大事にしたいのは、原作にある、科挙の最中に楊喜楨から助言を与えられるところだという。「今回のお芝居の中にはないのですが、楊喜楨から“本来の自分を出しなさい”と言っていただくことで、文秀は自分の皮が剥がれた気がするんです。私も宝塚の男役として、彩風咲奈としてずっと作り上げてきたものにプラスして、今までの自分の人生での経験とか、いろんな思いを出していいんだよと言ってもらえたような気持ちになりました。その言葉が、二幕の政治の場面でも、文秀の内にあるものに影響していくと思いますので、そこを根底に持ちながら演じたいと思います」。
優秀な人物を演じるうえでの難しさは多い。文秀は心情を吐露する場面がほとんどなく、身振り手振りも控えた芝居になる。「周りの人たちが文秀はこういう人だと言うことが多いので、それをヒントに作っていきたい。ともするとエリートの役は人間的ではなくなってしまいますが、文秀はいろんな人から思いを寄せられる魅力のある人物。破天荒な面もあるといろんな人たちから言われていますので、前半ではその破天荒さを大きめに表現しつつ、後半の政治の部分ではしっかりと話を引き締めたいと思います。女性に人気がある人物ということで、見た目や立ち姿にもこだわり、カッコよくお見せしたいです」。
どんな時代でも、運命や宿命は変えられる
かつて文秀と義兄弟の契りを交わしながらも、敵味方に分かれることになる李春児(リィ・チュンル)との関係にも注目だ。春児は「その手にあまねく財宝を手にするだろう」という老占い師の言葉に夢を託し、妹・玲玲(リンリン)を故郷に残し、都へ上る。やがて宦官となった春児は、紫禁城に君臨する西太后の側近へと昇りつめる。春児を演じるのは朝美絢。稽古場ではぶつかり稽古のように、本気の兄弟喧嘩に挑んでいるという。

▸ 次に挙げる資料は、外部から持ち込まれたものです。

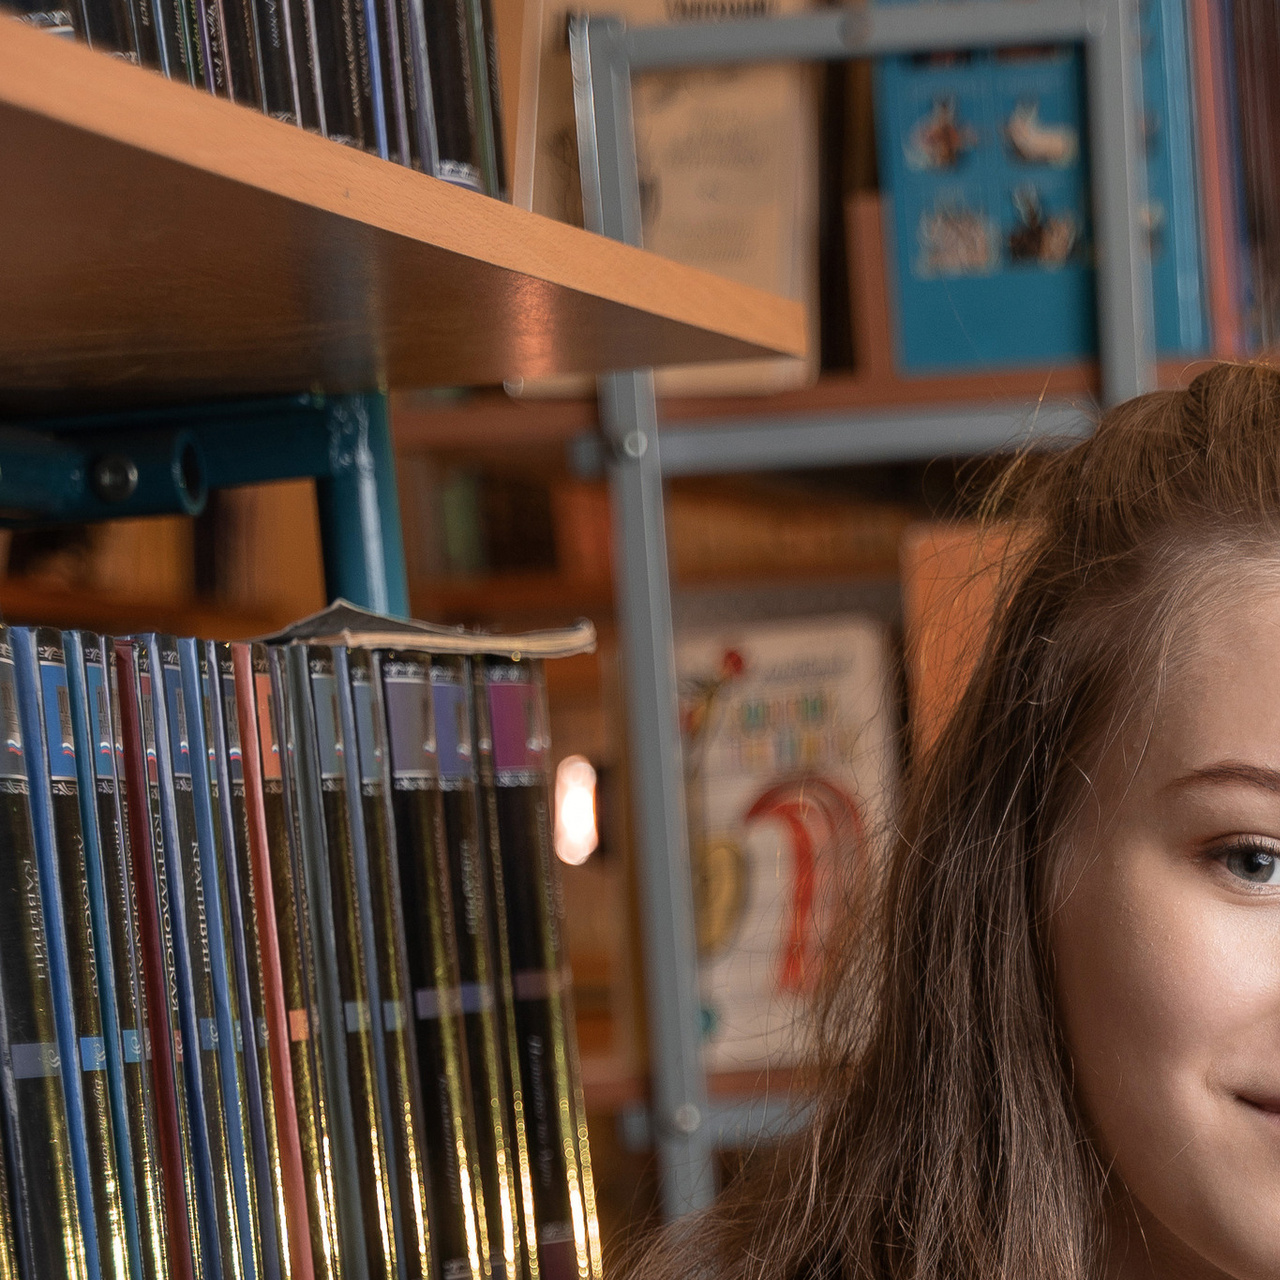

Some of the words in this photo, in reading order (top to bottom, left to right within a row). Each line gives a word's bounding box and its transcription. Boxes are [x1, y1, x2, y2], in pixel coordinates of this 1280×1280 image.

[23, 859, 46, 980] КАВЕРИН
[154, 813, 180, 1011] КОНЧАЛОВСКАЯ
[192, 840, 211, 974] КРАПИВИН
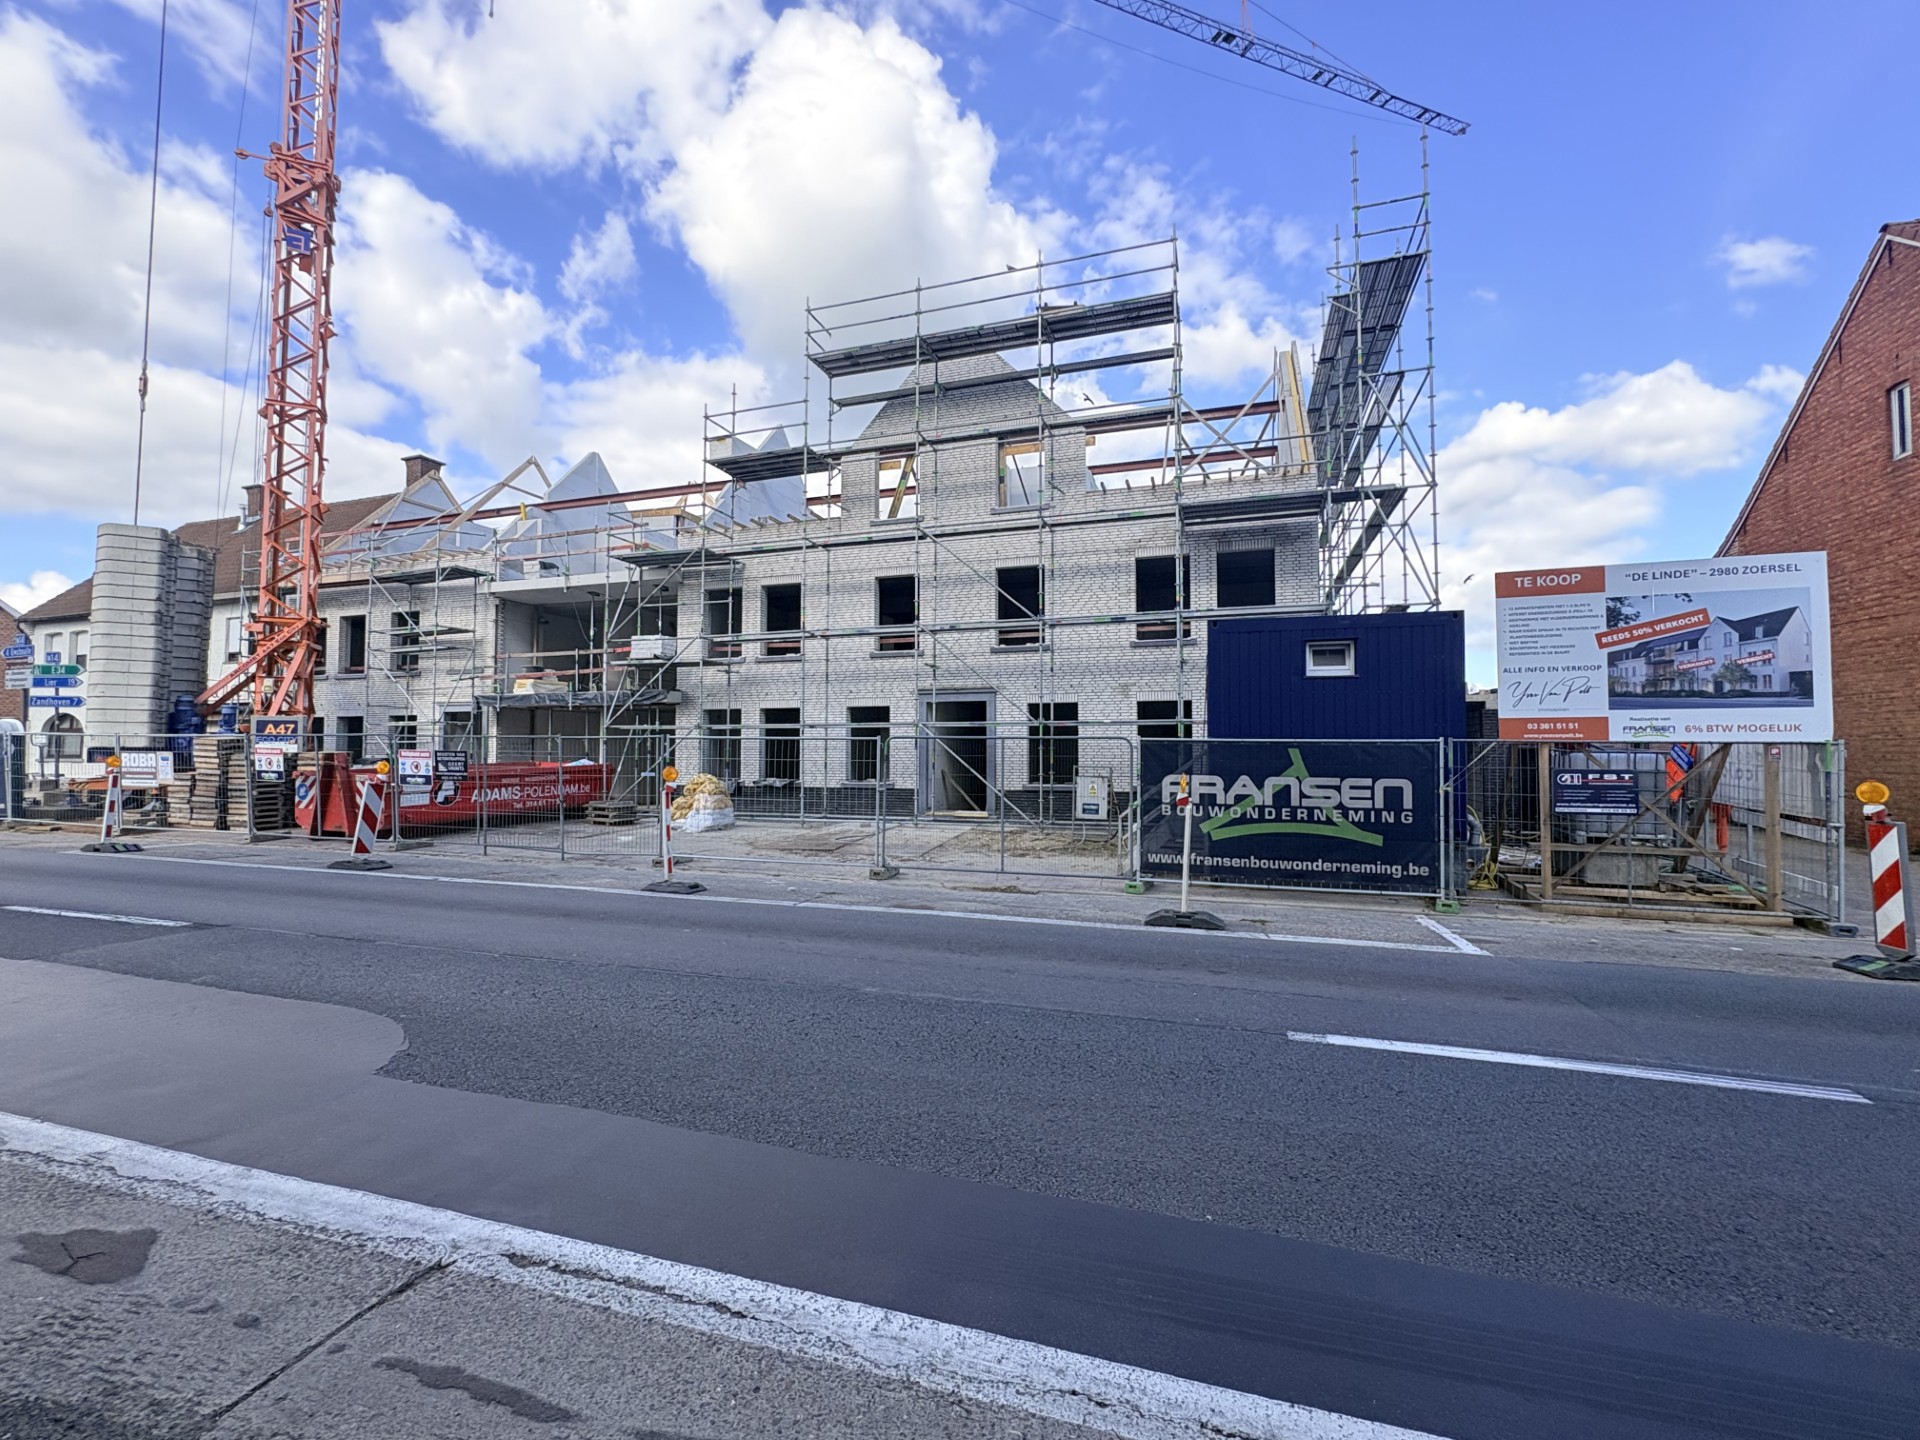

「文秀と春児は本当の兄弟ではないのですが、兄弟以上の絆があります。朝美とは、本気でぶつかり合おうと言っていて、お稽古が終わった後も、ふたりで本気で喧嘩をしてみたり。後半は運命が分かれて敵同士になってしまいますが、心はずっとつながっているというのを、ぎゅっと凝縮したお芝居の中でお届けできたらと思います」。
トップ就任時からともにコンビを組んできた娘役・朝月希和は、本公演が退団公演となる。「最後まで、最高のコンビで作品を作っていきましょう」とふたりで話したという彩風。文秀と、朝月演じる玲玲とは恋仲ではないが、最後には「ふたりの未来を感じるもの」があり、朝月の退団とも重なると話す。「“これで物語が終わり”ではなく、ふたりがこの先どうなるのかという終わり方をするのがすごく好きで。私も、朝月が卒業しても、彼女の生きていく道をずっと応援していますし、この作品がふたりのコンビの最後になったことはすごく運命的だと感じています。千秋楽まで一緒に雪組の最高の舞台をお見せしたいです」。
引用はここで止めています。